Traveler’s Diarrhea

How to Cite This Chapter: Haider S, Mach T, Mrukowicz J. Traveler’s Diarrhea. McMaster Textbook of Internal Medicine. Kraków: Medycyna Praktyczna. Accessed June 19, 2024.
Last Updated: June 8, 2019
Last Reviewed: June 8, 2019
Chapter Information

Definition, Etiology, PathogenesisTop

Traveler’s diarrhea refers to signs and symptoms caused by ingestion of food or water contaminated with pathogens. It develops in individuals traveling to regions with poor hygiene and sanitary standards, although in some patients it may be due to travel-related dietary changes or stress.

1. Etiologic agents vary with geographic regions. Approximately 80% of cases are caused by bacteria, predominantly enterotoxigenic Escherichia coli and Campylobacter spp.

2. Epidemiology (risk of developing the disease depends on the region):

1) Low risk (<8% of visiting individuals develop the disease within 1-2 weeks): Japan, Australia, New Zealand, Northern and Western Europe, Canada, the United States.

2) Moderate risk (10%-20%): Central and Eastern Europe, Portugal, Greece, the Balkans, Russia, China, Israel, South Africa, Pacific Islands, most of the Caribbean islands, Argentina and Chile, Thailand.

3) High risk (20%-56%): Africa, Latin America, South Asia, Middle East.

3. Reservoir, transmission, incubation, and contagious period: see Acute Infectious Diarrhea.


Treatment is the same as in acute infectious diarrhea. Self-administration of antibiotic therapy is recommended in travelers with moderate or severe diarrhea (≥3 loose stools within 24 hours with other intestinal signs and symptoms) as well as in patients not responding to symptomatic treatment. Since the resistance of Campylobacter spp to fluoroquinolones is frequently observed in Asia, the drug of choice in empiric treatment used in this region is azithromycin (1 g in a single dose or 500 mg once daily for 3 days). Selected patients—such as those with a limited ability to tolerate dehydration or infection, for instance, immunocompromised hosts, and patients travelling to remote destinations where access to health-care providers is limited—could be prescribed all the necessary drugs prior to departure and could be provided with a written self-treatment strategy in case of infection (see below) as well as guidelines for seeking medical attention when necessary.


1. Hand hygiene and food safety (these are of key importance):

1) Washing hands prior to food preparation and consumption.
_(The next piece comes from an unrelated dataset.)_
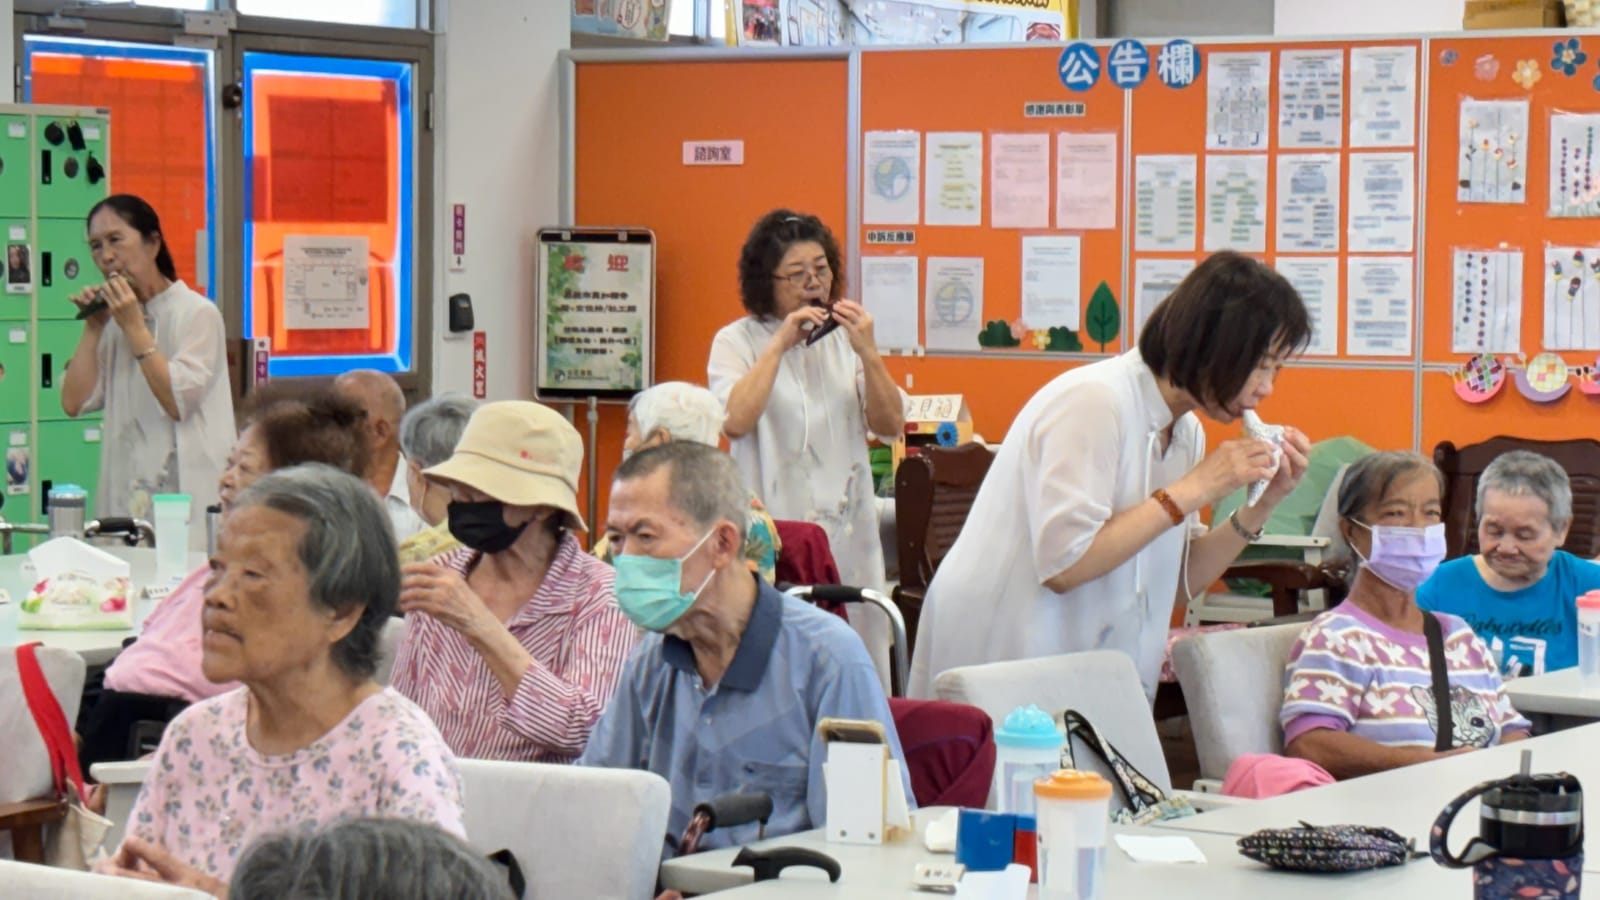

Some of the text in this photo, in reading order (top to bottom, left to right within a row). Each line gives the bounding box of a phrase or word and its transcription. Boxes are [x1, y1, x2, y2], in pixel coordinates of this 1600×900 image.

2) Avoiding food and water from dubious sources (eg, from street vendors and food stands).

3) Washing and peeling fruit and vegetables, avoiding raw salads.

4) Drinking only bottled water from a known source or carbonated drinks (eg, cola, beer).
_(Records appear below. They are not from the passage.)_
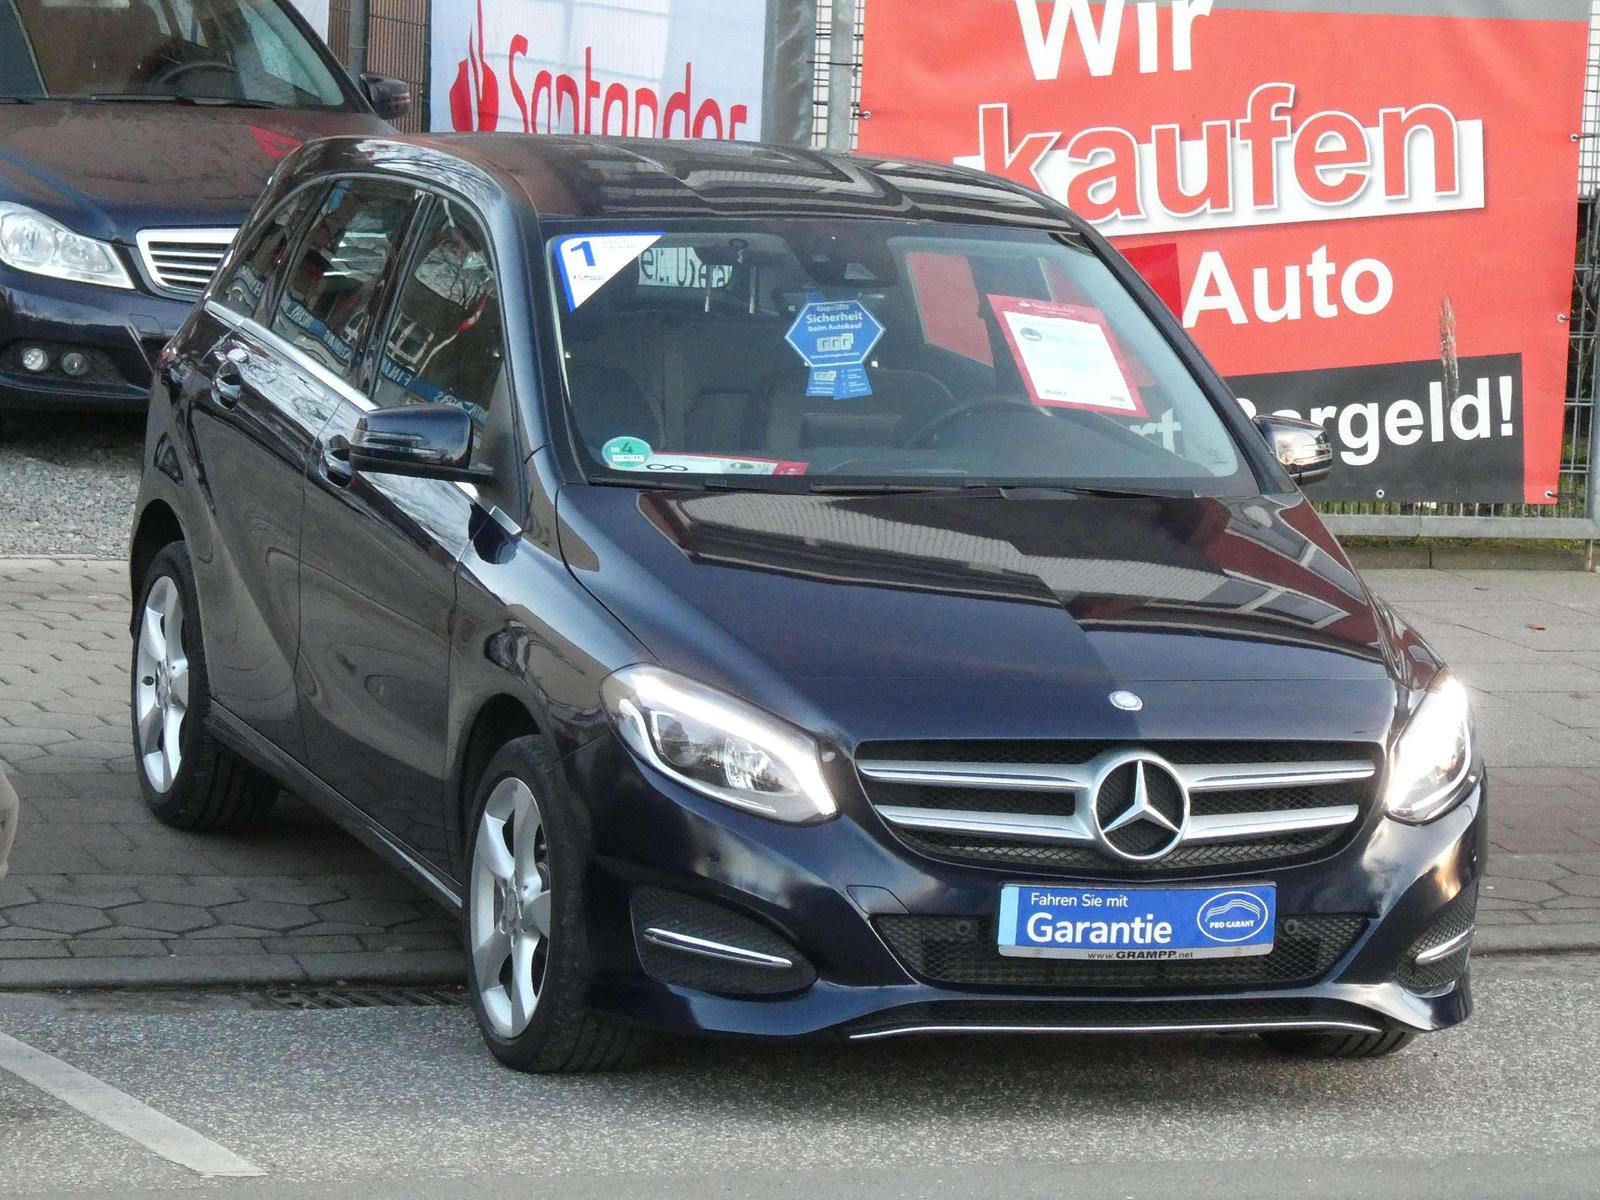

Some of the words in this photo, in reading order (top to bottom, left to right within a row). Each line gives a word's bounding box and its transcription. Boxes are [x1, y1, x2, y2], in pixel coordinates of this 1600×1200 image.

[1017, 0, 1212, 81] Wir
[977, 83, 1463, 224] kaufen
[1182, 245, 1394, 328] Auto
[806, 311, 863, 324] Sicherheit
[1236, 375, 1513, 466] rgeld!
[1031, 892, 1077, 907] Fahren
[1082, 893, 1102, 907] Sie
[1106, 894, 1128, 907] mit
[1026, 912, 1172, 944] Garantie
[1209, 921, 1224, 929] PRO
[1226, 920, 1255, 929] GARANT
[1087, 949, 1193, 960] www.GRAMPP.net
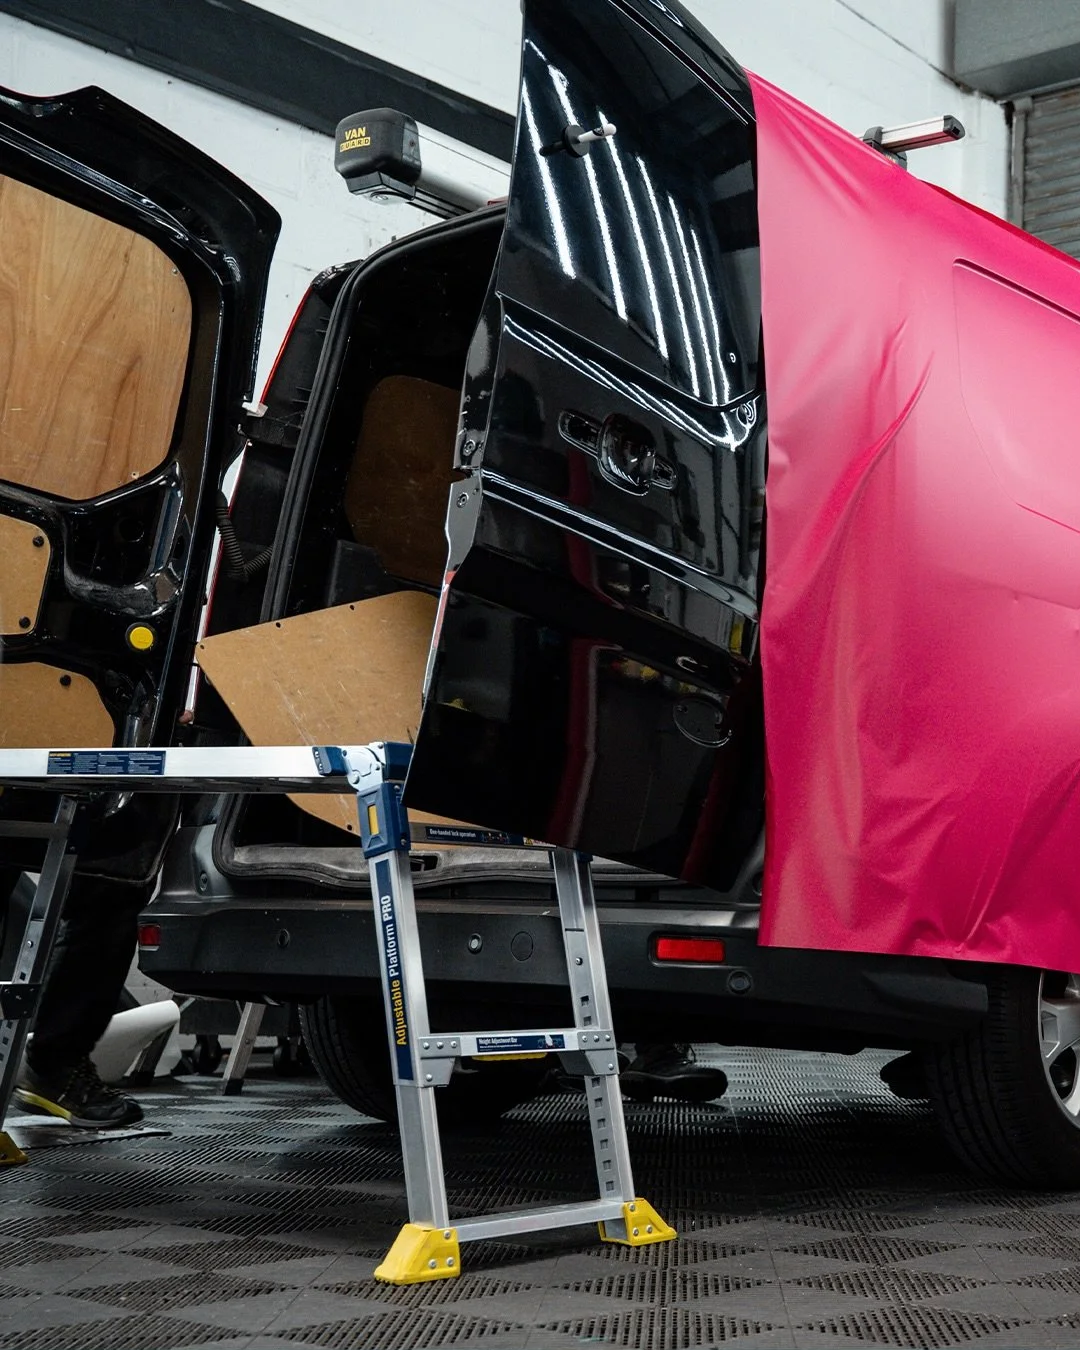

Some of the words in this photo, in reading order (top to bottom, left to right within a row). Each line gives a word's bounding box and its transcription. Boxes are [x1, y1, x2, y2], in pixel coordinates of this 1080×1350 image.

[340, 137, 370, 152] GUARD
[345, 127, 366, 140] VAN
[381, 895, 393, 921] PRO
[384, 924, 399, 977] Platform
[391, 979, 407, 1046] Adjustable
5) Consuming only hot (steaming) food (with the exception of jams/preserves, syrups, honey) and drinking hot beverages. Avoiding sauces/dressings stored at room temperatures.
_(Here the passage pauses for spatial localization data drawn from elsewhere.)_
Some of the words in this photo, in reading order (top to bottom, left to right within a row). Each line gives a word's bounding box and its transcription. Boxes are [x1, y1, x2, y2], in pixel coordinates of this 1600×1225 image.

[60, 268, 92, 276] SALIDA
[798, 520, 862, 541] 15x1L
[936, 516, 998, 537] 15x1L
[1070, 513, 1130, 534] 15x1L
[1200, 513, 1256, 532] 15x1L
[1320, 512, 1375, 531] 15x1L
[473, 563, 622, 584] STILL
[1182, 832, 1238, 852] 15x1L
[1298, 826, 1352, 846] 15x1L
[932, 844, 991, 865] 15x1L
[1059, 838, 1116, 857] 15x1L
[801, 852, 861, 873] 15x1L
6) Avoiding drinks served with ice.

2. Prophylactic antimicrobial treatment should be considered in patients at high risk for severe bacterial diarrhea and its complications (with achlorhydria, receiving treatment that reduces or neutralizes gastric acid secretion, after gastrectomy, with prosthetic implants, immunodeficiency, irritable bowel syndrome, sickle cell anemia) and those unable to tolerate diarrhea (athletes, individuals on short business trips) who are traveling to high-risk areas:

1) Oral rifaximin 200 mg bid or 400 mg once daily with main meals for the entire duration of stay in a high-risk area. The drug is not absorbed from the gastrointestinal tract, is well tolerated, and rarely causes adverse effects. Rifaximin is effective predominantly against enterotoxigenic E coli and enteroaggregative E coli, but its effectiveness against enteroinvasive bacteria has not been established (if diarrhea occurs in the course of treatment, assume it has been caused by invasive bacteria and administer azithromycin).

2) An oral fluoroquinolone, for instance, ciprofloxacin 500 to 750 mg once daily for the entire duration of stay in a high-risk area. The drug is effective against the majority of bacteria responsible for traveler’s diarrhea (however, a high percentage of Campylobacter strains in Asia are resistant to fluoroquinolones). Patients receiving oral fluoroquinolones are at risk for adverse effects (including diarrhea and pseudomembranous colitis caused by Clostridioides difficile).

3) Bismuth subsalicylate 2 tablets qid.